Nuova bocciatura sulla procreazione assistita per l’Italia da parte della Corte di Strasburgo. E’ stato, infatti, negato il riesame sulla legge 40 richiesta dal governo italiano in merito ai primi no registrati lo scorso agosto. Si aprono le porte in questo modo ad una fecondazione medicalmente assistita e la diagnosi pre-impianto anche per le coppie interessate da malattie trasmissibili geneticamente.
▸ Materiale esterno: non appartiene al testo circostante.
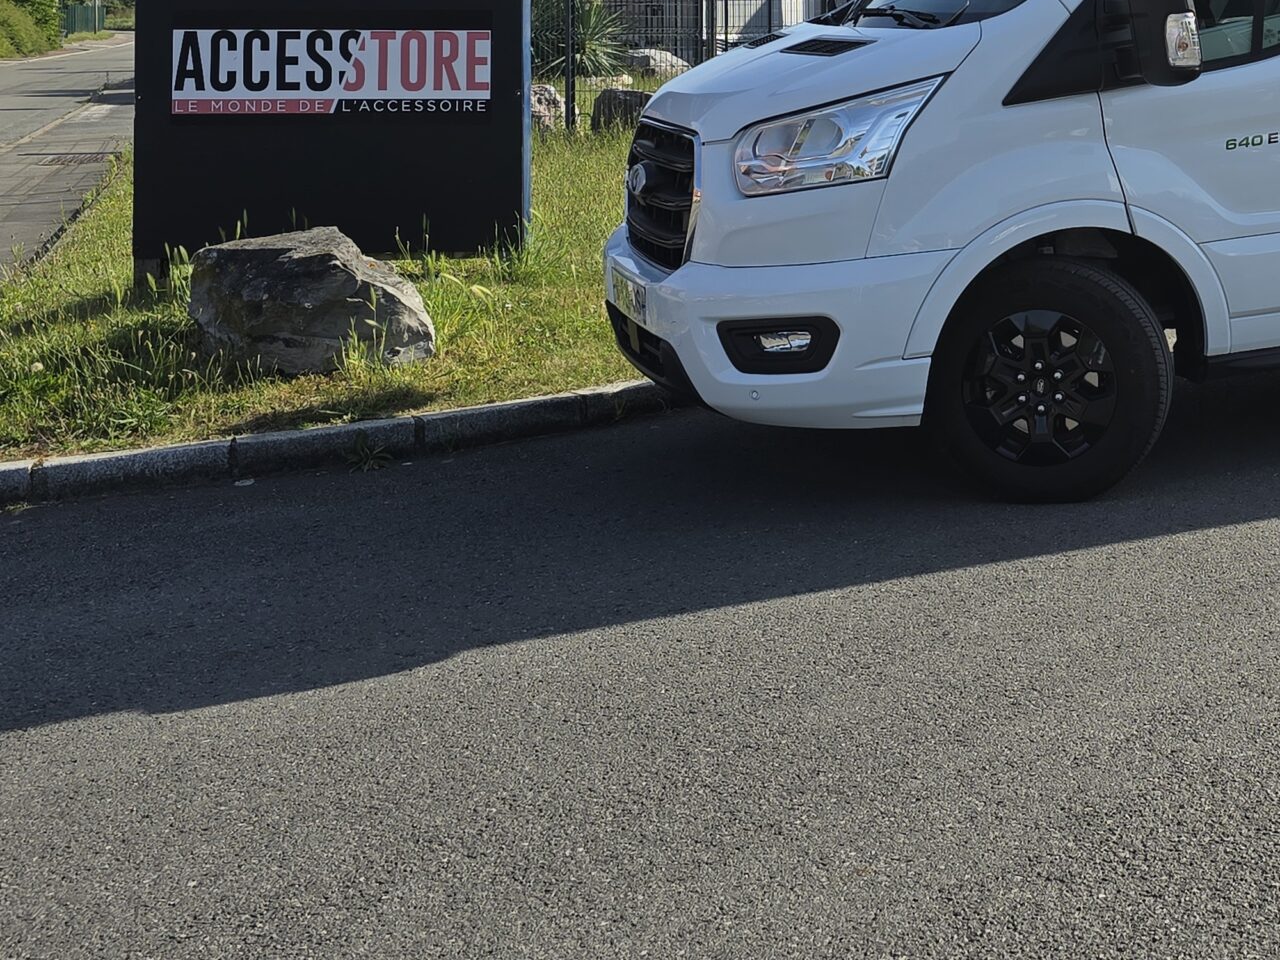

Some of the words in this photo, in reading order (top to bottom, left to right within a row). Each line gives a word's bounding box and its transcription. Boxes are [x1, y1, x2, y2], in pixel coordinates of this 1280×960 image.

[173, 30, 491, 92] ACCESSTORE
[174, 100, 198, 112] LE
[211, 100, 287, 112] MONDE
[299, 100, 325, 112] DE
[341, 99, 487, 112] L'ACCESSOIRE
[1225, 135, 1264, 150] 640
La legge 40 del 2004 infatti nega alle coppie malate o portatrici sane di queste patologie di poter effettuare una diagnosi pre-impianto evitando che vengano messi al mondo bambini certamente malati e con poche speranze di vita. A livello tecnico si tratta di un rifiuto basato sulla presentazione di una richiesta effettuata su appunti “procedurali” e non di merito. A livello pratico, la vittoria ottenuta ad agosto da parte della coppia italiana che aveva chiesto la possibilità di una diagnosi pre-impianto è stata confermata. Quando si parla di questa procedurs viene spesso sollevato un problema di tipo eugenetico. Il confine, come sempre in questi casi, è molto sottile. E non sempre è facile ragionare con la dovuta freddezza.
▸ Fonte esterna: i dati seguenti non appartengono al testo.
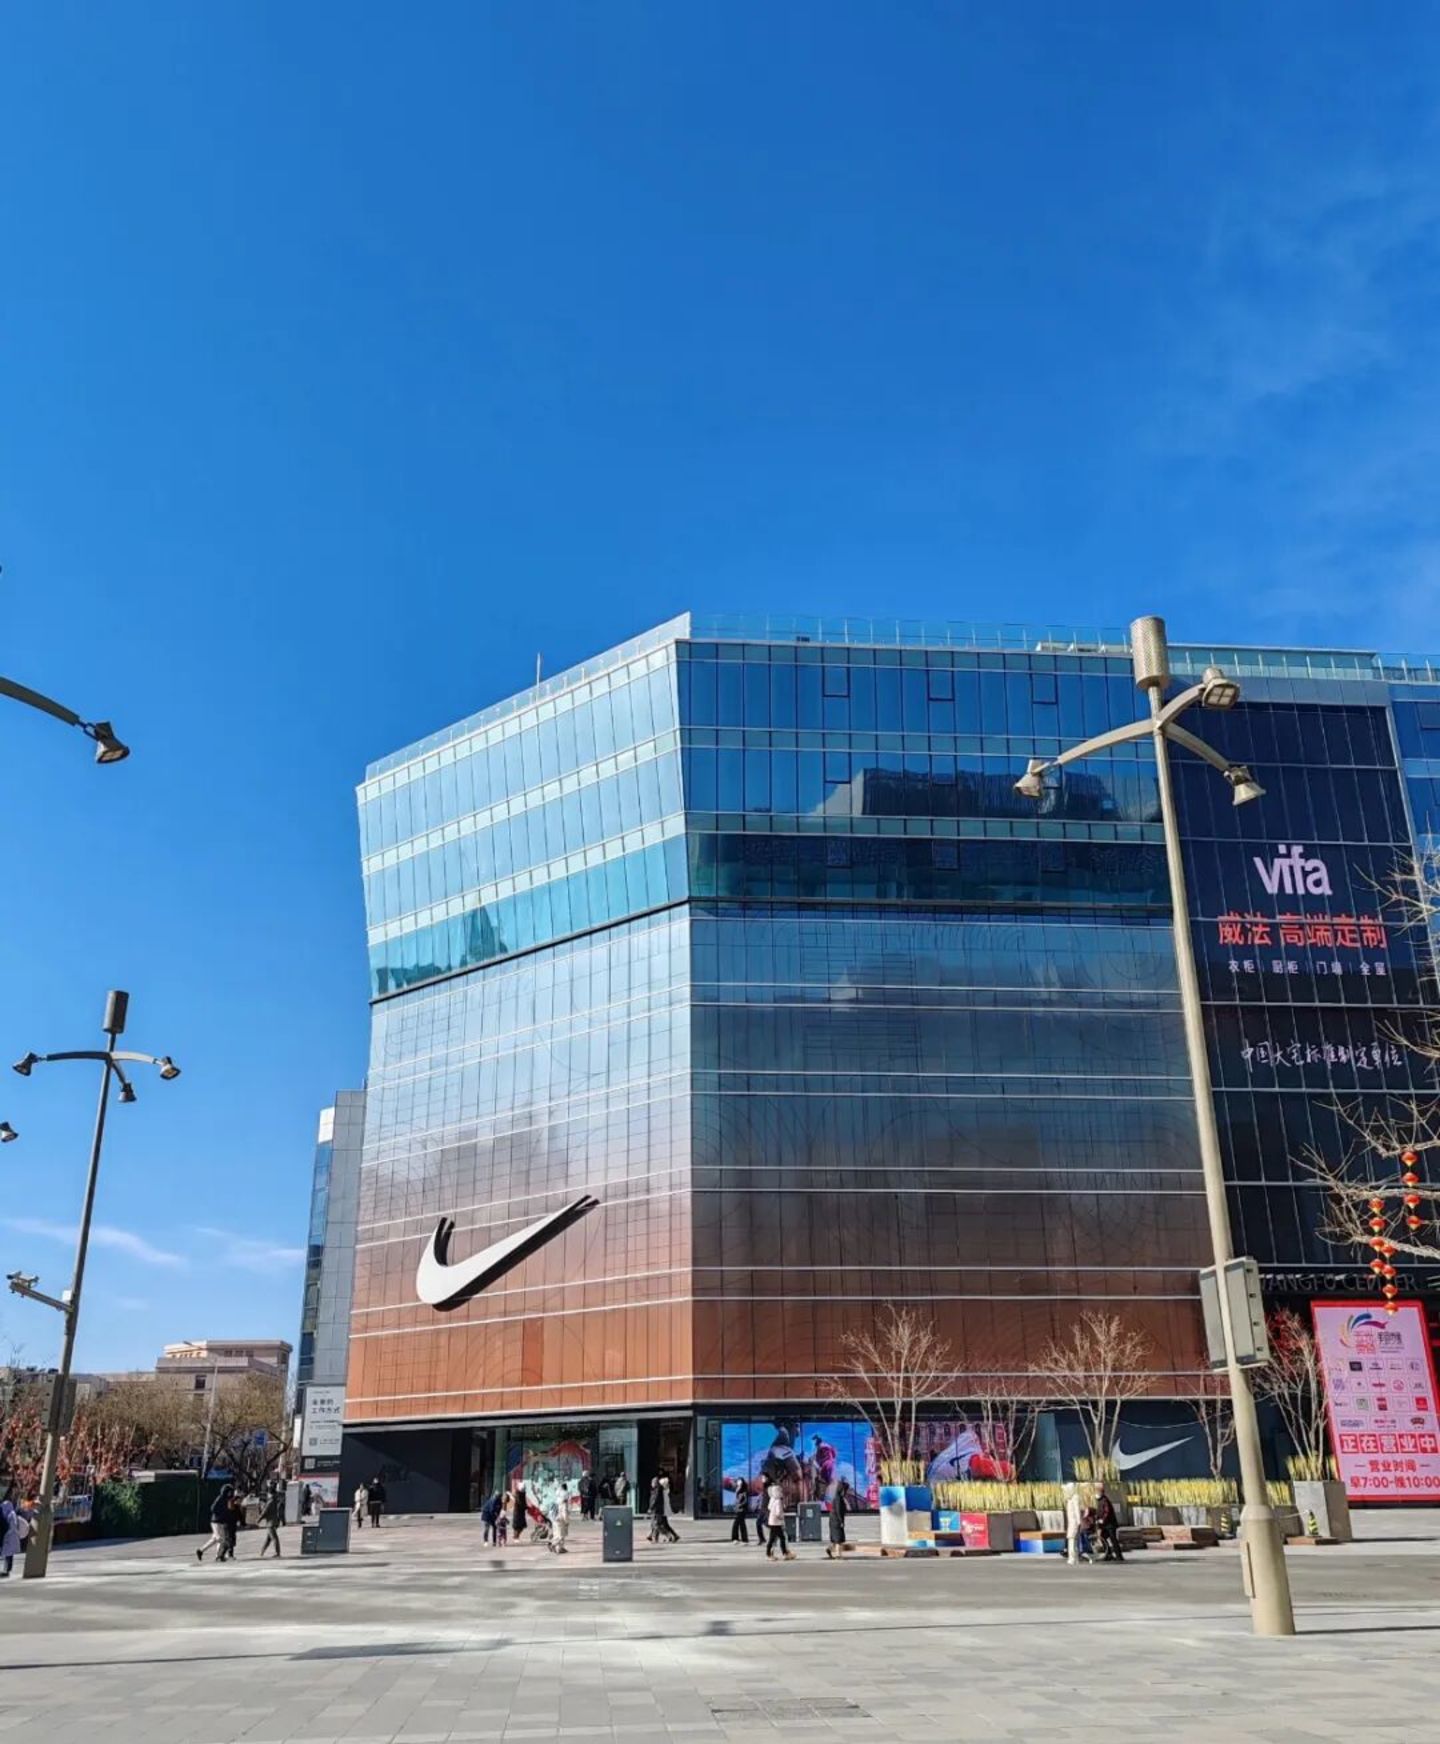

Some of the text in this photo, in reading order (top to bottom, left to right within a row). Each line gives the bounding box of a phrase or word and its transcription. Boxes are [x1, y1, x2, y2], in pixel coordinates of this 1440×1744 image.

[1253, 844, 1333, 895] vifa
[1217, 911, 1388, 949] 威法 高端定制
[1343, 1273, 1418, 1291] CENER
[1341, 1434, 1437, 1453] 正在营业中
[1369, 1459, 1417, 1472] 营业时间
La corte europea ha in questo modo confermato di non comprendere il divieto di ricorrere alla diagnosi pre-impianto nei confronti della coppia italiana che l’ha interrogata. E dall’altra parte, sebbene comprensibile, risulta alquanto difficile comprendere dove arrivino davvero i confini reali della “preoccupazione governativa” relativa alla tutela della salute del bambino e della donna e dove la voglia di preservare la libertà di coscienza dei medici scavalchi la libertà di scelta delle persone coinvolte come papabili genitori. L’Italia è uno dei pochi paesi, ricordiamolo, insieme a Svizzera ed Austria a vietare la diagnosi pre-impianto.
Bisognerebbe riflettere su questo punto. Quasi mai tutti gli embrioni di una coppia che si sottopone a procreazione assistita vengono utilizzati e di solito, grazie ad un buco normativo, vengono abbandonati e conservati in una sorta di grande banca di embrioni o mantenuti nel centro di fecondazione se non abbandonati dalla “famiglia”. Si tratta di una decisione giusta? Non penso. Vengono donati a coppie sterili? Non è possibile. In fin dei conti, questo non va mai dimenticato, parliamo di un agglomerato di cellule, non di un individuo. Non sarebbe il caso di mettere a punto delle linee guida non influenzate dalla religione?